Subscription for Property Agreement dated July 16, 2014 between CLS Labs, Inc. and Raymond Keller

EX-10.10 13 ex10-10.htm EX-10.10 ex10-10.htm
Exhibit 10.10
 
SUBSCRIPTION AGREEMENT
 
THE UNDERSIGNED ( “Subscriber”) hereby subscribes for and agrees to purchase from RJF Labs, Inc, a Nevada corporation (the Corporation"), 100 shares of the capital stock, no par value, of the Corporation (the "Shares"), for the following consideration:
 
All right, title and interest in and to Subscriber’s proprietary process and related know-how for the extraction of cannabinoids from cannabis by assignment of rights in form and substance substantially similar to Exhibit A attached hereto (the "Assignment of Property Rights").
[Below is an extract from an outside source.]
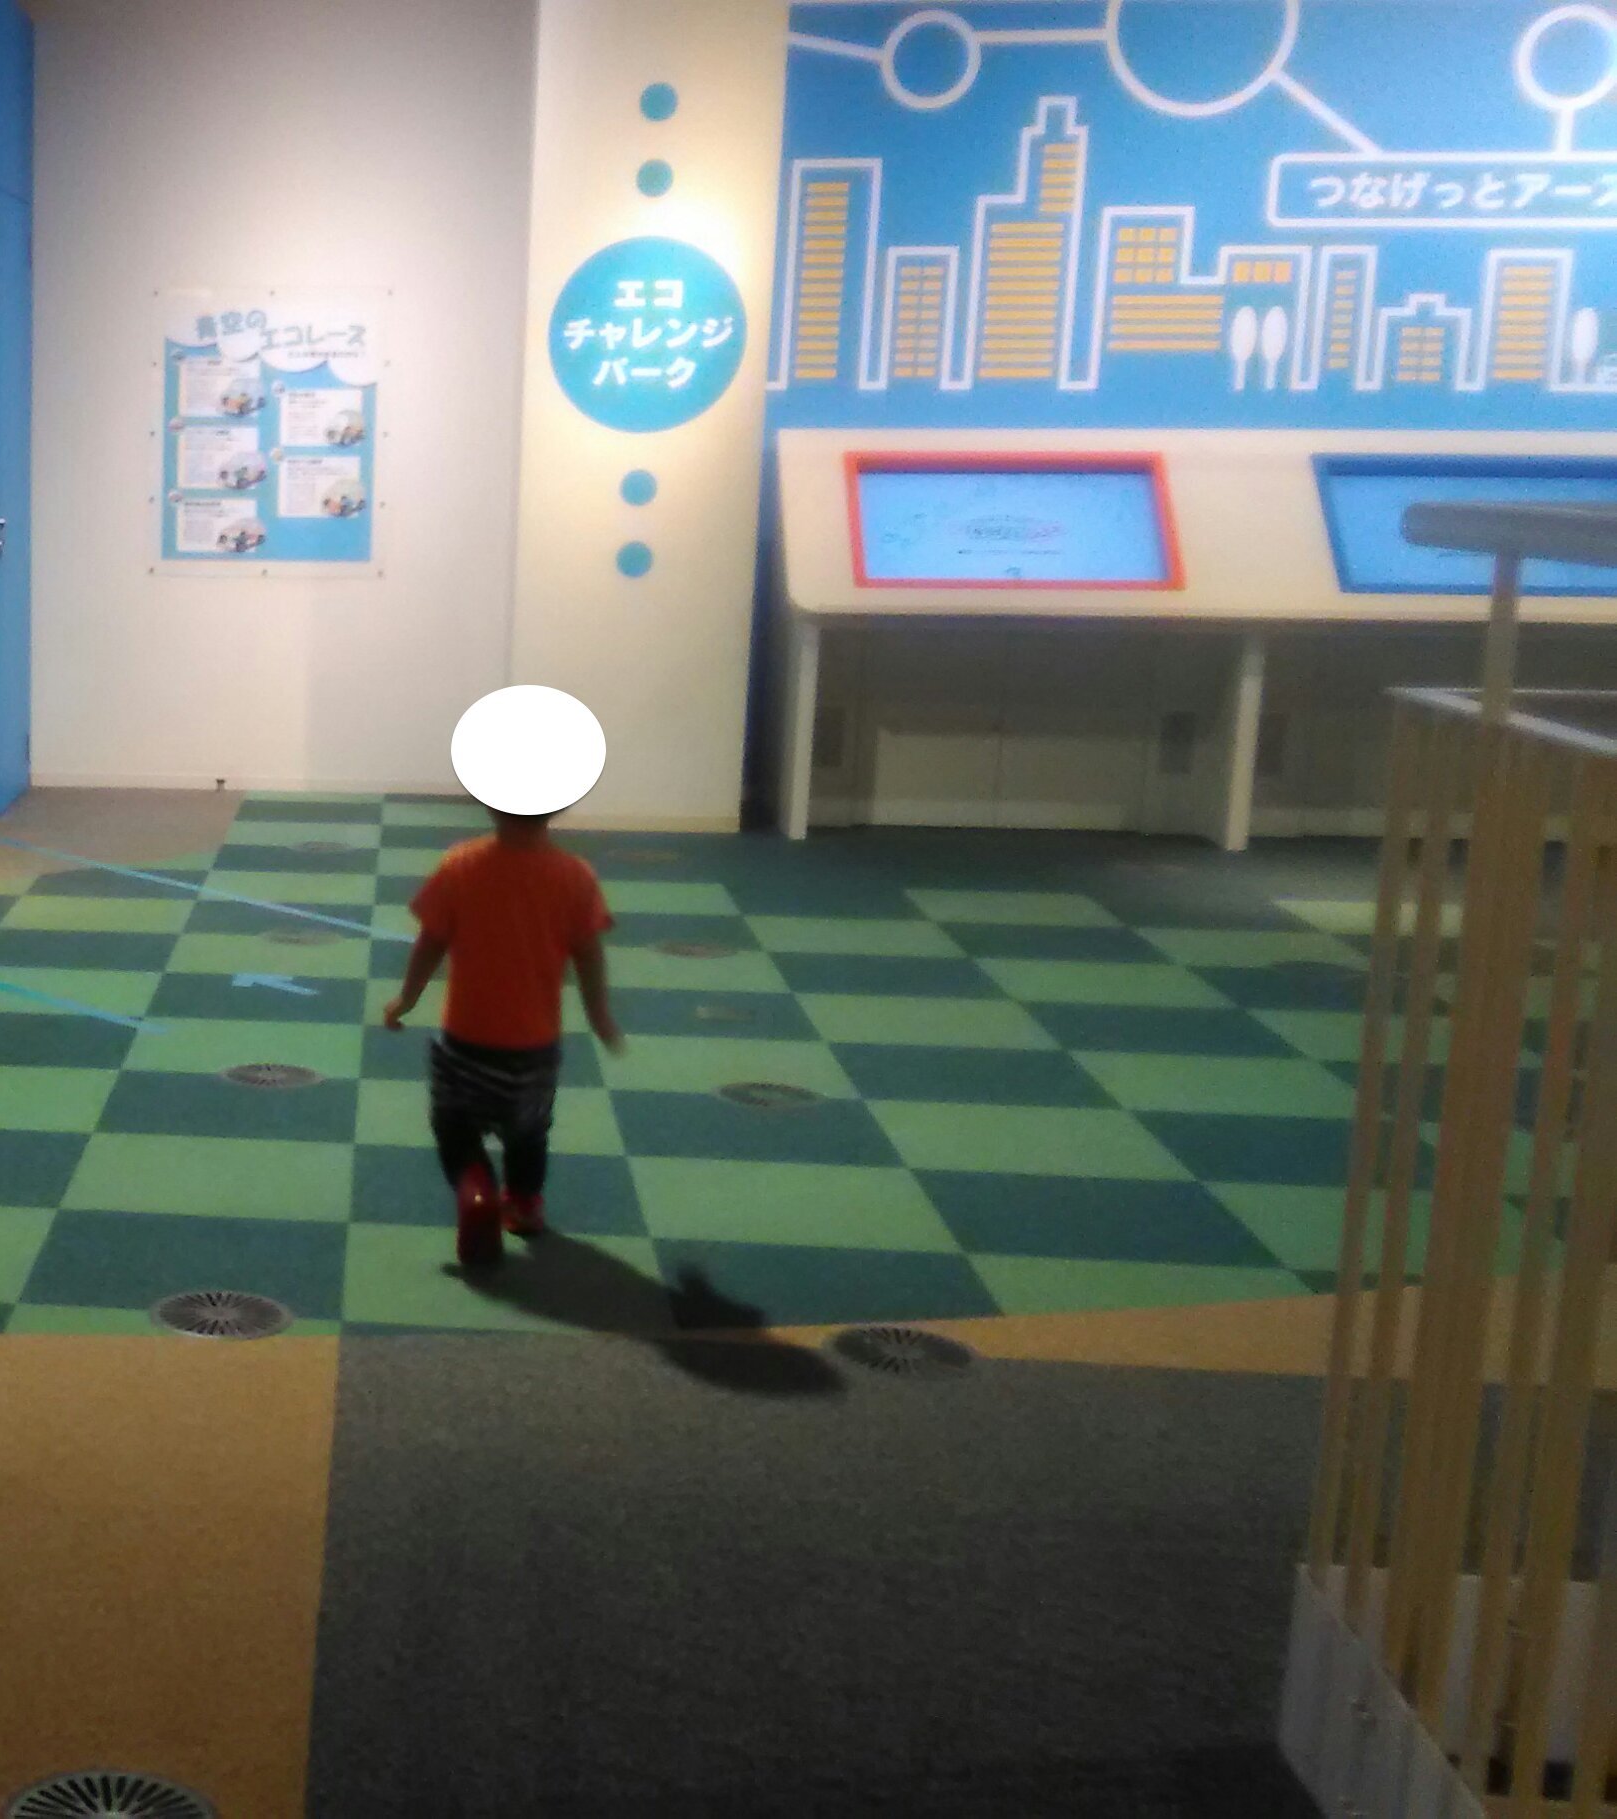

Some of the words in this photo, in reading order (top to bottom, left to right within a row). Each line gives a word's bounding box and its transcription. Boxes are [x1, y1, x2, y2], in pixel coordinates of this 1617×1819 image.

[614, 280, 683, 308] エコ
[563, 317, 734, 350] チャレンジ
[592, 357, 697, 389] パーク
The consideration for the shares shall be tendered by delivery herewith of an executed Assignment of Property Rights, together with an executed Form W-9, a copy of which is attached hereto as Exhibit B.  The Subscriber agrees that the Shares will be issued effective July 15, 2014.

The Subscriber hereby acknowledges the representations and warranties set forth in that certain Investment Letter executed in connection with the Subscriber's purchase of the Shares, a copy of which is attached hereto as Exhibit C and incorporated by reference herein.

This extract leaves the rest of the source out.